孟庆存1, 2, 3, 4, 刘金龙1, 2, 罗云1, 2, 黎刚1, 2, 颜文1, 2, 4, 殷建平1, 徐维海1, 2, 3*
1. 热带海洋环境与岛礁生态全国重点实验室, 中国科学院南海海洋研究所, 广东 广州 511458;
2. 边缘海与大洋地质实验室, 中国科学院南海海洋研究所, 广东 广州 511458;
3. 三亚海洋生态环境工程研究院, 海南 三亚 572000;
4. 中国科学院大学, 北京 100049
MENG Qingcun1, 2, 3, 4, LIU Jinlong1, 2, LUO Yun1, 2, LI Gang1, 2, YAN Wen1, 2, 4, YIN Jianping1, XU Weihai1, 2, 3*
1. State Key Laboratory of Tropical Oceanography, South China Sea Institute of Oceanology, Chinese Academy of Sciences, Guangdong Guangzhou 511458, China;
2. Laboratory of Ocean and Marginal Sea Geology, South China Sea Institute of Oceanography, Chinese Academy of Sciences, Guangdong Guangzhou 511458, China;
3. Sanya Institute of Ocean Eco-Environmental Engineering, Hainan Sanya, 572000, China;
4. University of Chinese Academy of Sciences, Beijing 100049, China
摘要: 因全球持续高温驱动的海洋大范围低氧/缺氧,已成为本世纪全球重点关注的科学问题之一。
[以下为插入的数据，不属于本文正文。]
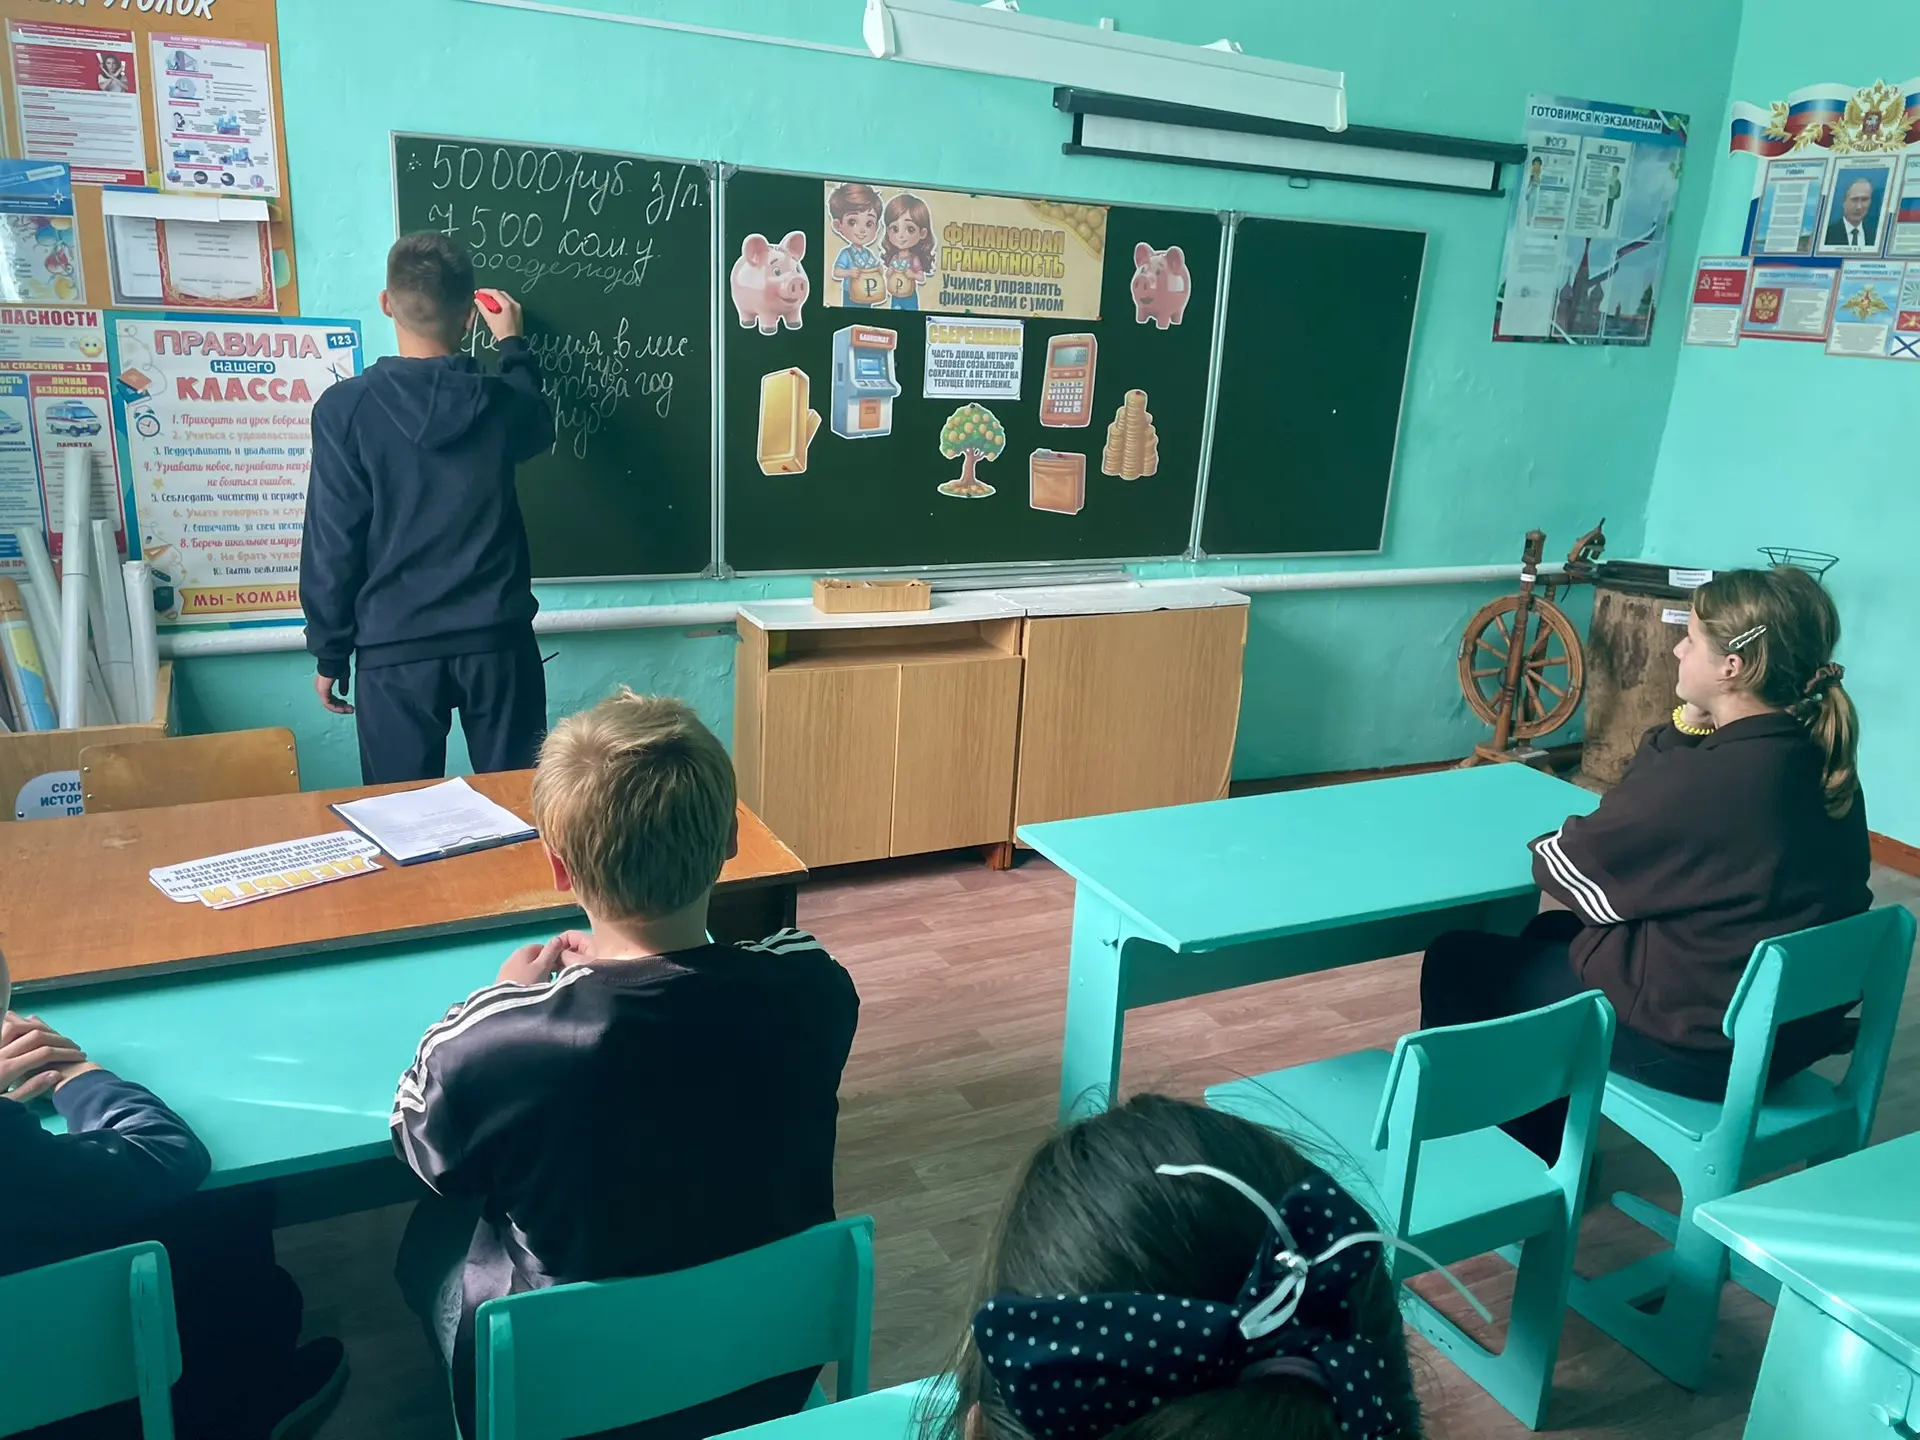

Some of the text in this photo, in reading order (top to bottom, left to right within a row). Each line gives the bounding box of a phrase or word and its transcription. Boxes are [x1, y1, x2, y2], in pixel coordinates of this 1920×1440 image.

[1531, 105, 1662, 131] ГОТОВИМСЯ К ЭКЗАМЕНАМ
[943, 221, 1065, 255] ФИНАНСОВАЯ
[941, 246, 1065, 278] ГРАМОТНОСТЬ
[942, 273, 1062, 296] Учимся управлять
[939, 290, 1064, 311] финансами с умом
[0, 309, 98, 327] ПАСНОСТИ
[330, 334, 352, 346] 123
[859, 333, 889, 344] БАНКОМАТ
[928, 324, 1021, 346] СБЕРЕЖЕНИЯ
[154, 330, 322, 359] ПРАВИЛА
[932, 350, 954, 358] ЧАСТЬ
[986, 351, 1018, 360] КОТОРУЮ
[12, 362, 65, 371] СПАСЕНИЯ
[213, 360, 274, 373] нашего
[934, 359, 1014, 370] ЧЕЛОВЕК СОЗНАТЕЛЬНО
[969, 370, 974, 378] А
[975, 370, 984, 378] НЕ
[985, 370, 1009, 379] ТРАТИТ
[1010, 371, 1018, 379] НА
[52, 377, 87, 385] ЛИЧНАЯ
[934, 379, 1012, 389] ТЕКУЩЕЕ ПОТРЕБЛЕНИЕ.
[36, 386, 105, 395] БЕЗОПАСНОСТЬ
[176, 376, 313, 403] КЛАССА
[634, 371, 674, 418] год
[181, 413, 234, 427] Приходить
[236, 417, 248, 425] на
[249, 417, 270, 427] урок
[172, 431, 181, 440] 2.
[185, 431, 226, 440] Учиться
[164, 446, 231, 457] Поддерживать
[243, 447, 284, 456] уважать
[287, 447, 305, 457] друг
[143, 461, 152, 471] 4.
[154, 461, 203, 475] Узнавать
[234, 461, 284, 474] познавать
[286, 461, 310, 473] неизв
[207, 476, 296, 487] не бояться ошибок.
[161, 493, 214, 503] Соблюдать
[217, 493, 259, 503] чистоту
[173, 508, 183, 518] 6.
[186, 508, 218, 518] Уметь
[222, 508, 269, 518] говорить
[193, 523, 240, 532] Отвечать
[244, 523, 253, 532] за
[256, 523, 275, 531] свои
[278, 522, 304, 531] посту
[180, 537, 301, 550] 8. Беречь школьное имуще
[220, 552, 234, 560] Не
[237, 551, 267, 562] брать
[226, 566, 251, 575] Быть
[41, 794, 82, 806] ИСТОР
[67, 807, 83, 816] ПР
[295, 839, 362, 857] СТОИМОСТИ
[315, 845, 376, 863] ВСЕОБЩИЙ
[170, 836, 345, 875] ЛЕГКО НА НИХ ОБМЕНИВАЕТСЯ.
[240, 851, 294, 867] ТОВАРОВ
[191, 847, 347, 883] ВЫСТУПАЕТ ИЗМЕРИТЕЛЕМ
[213, 864, 238, 872] ИЛИ
[175, 870, 212, 881] УСЛУГ
[200, 855, 364, 904] ДЕНЬГИ
[169, 877, 231, 893] КОТОРЫЙ
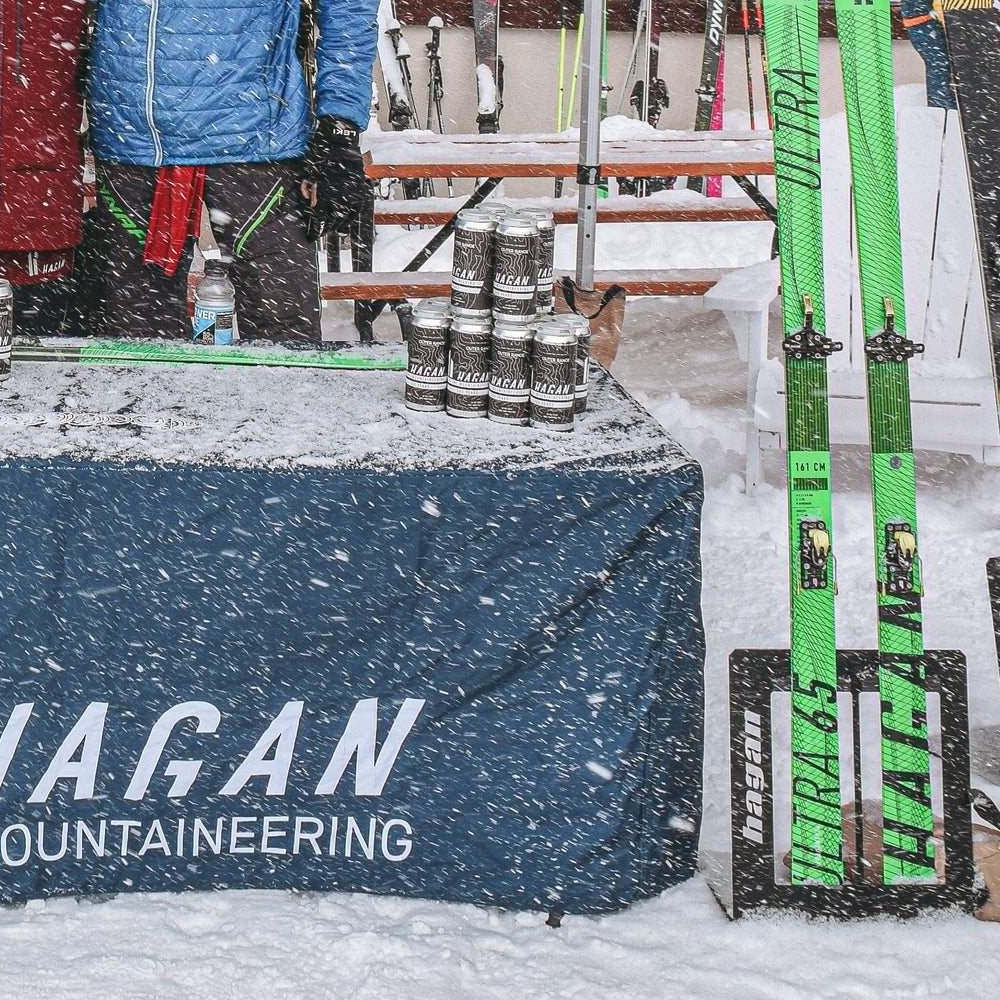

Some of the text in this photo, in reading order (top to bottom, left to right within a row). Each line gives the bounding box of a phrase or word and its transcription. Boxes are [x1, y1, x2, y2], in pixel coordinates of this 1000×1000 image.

[772, 68, 822, 190] ULTRA
[495, 272, 530, 286] HAGAN
[410, 363, 446, 377] HAGAN
[491, 375, 526, 389] HAGAN
[534, 381, 571, 395] HAGAN
[795, 462, 826, 472] 161 CM
[742, 709, 765, 845] hagan
[792, 672, 844, 887] ULTRA 65
传统的海洋溶解氧(dissolved oxygen, DO)监测依赖于现场采样,存在成本高、耗时长,且难以实现大范围观测的问题。尽管已有通过传统机器学习方法实现海洋DO数据重建的研究,但针对DO时空演化规律的深度学习预测研究仍存在明显不足,现有模型难以有效捕捉海洋环境的时空动态关联性与异质性。本研究以南海为研究区域,采用专为地学问题设计的Earthformer架构模型,基于1998—2022年的多源遥感与再分析数据,构建了一个包含海表温度、盐度、叶绿素a浓度、海水流速以及溶解氧的综合数据集。基于上述数据集,本研究对Earthformer模型进行了系统的深入训练与微调,实现了通过历史数据来预测未来(12个月)海洋DO时空分布的目标。实验结果表明,优化后的Earthformer模型具备优异的溶解氧预测性能。在测试集上,模型的多个评价指标整体表现突出:结构相似性指数达到0.78左右,反标准化后的均方根误差和平均绝对误差均可控制在3μmol·kg⁻¹以下的较低误差区间。此外,通过消融实验明确了关键超参数对模型预测性能的调控效应。本研究首次验证了Earthformer模型在海洋DO(典型复杂海洋生物地球化学变量)长期时空预测中的适用性与优越性,填补了深度学习模型在该研究领域的应用不足,为数据驱动的海洋低氧/缺氧环境预报提供了新的技术方法与理论支撑,兼具重要科学价值与实践应用潜力。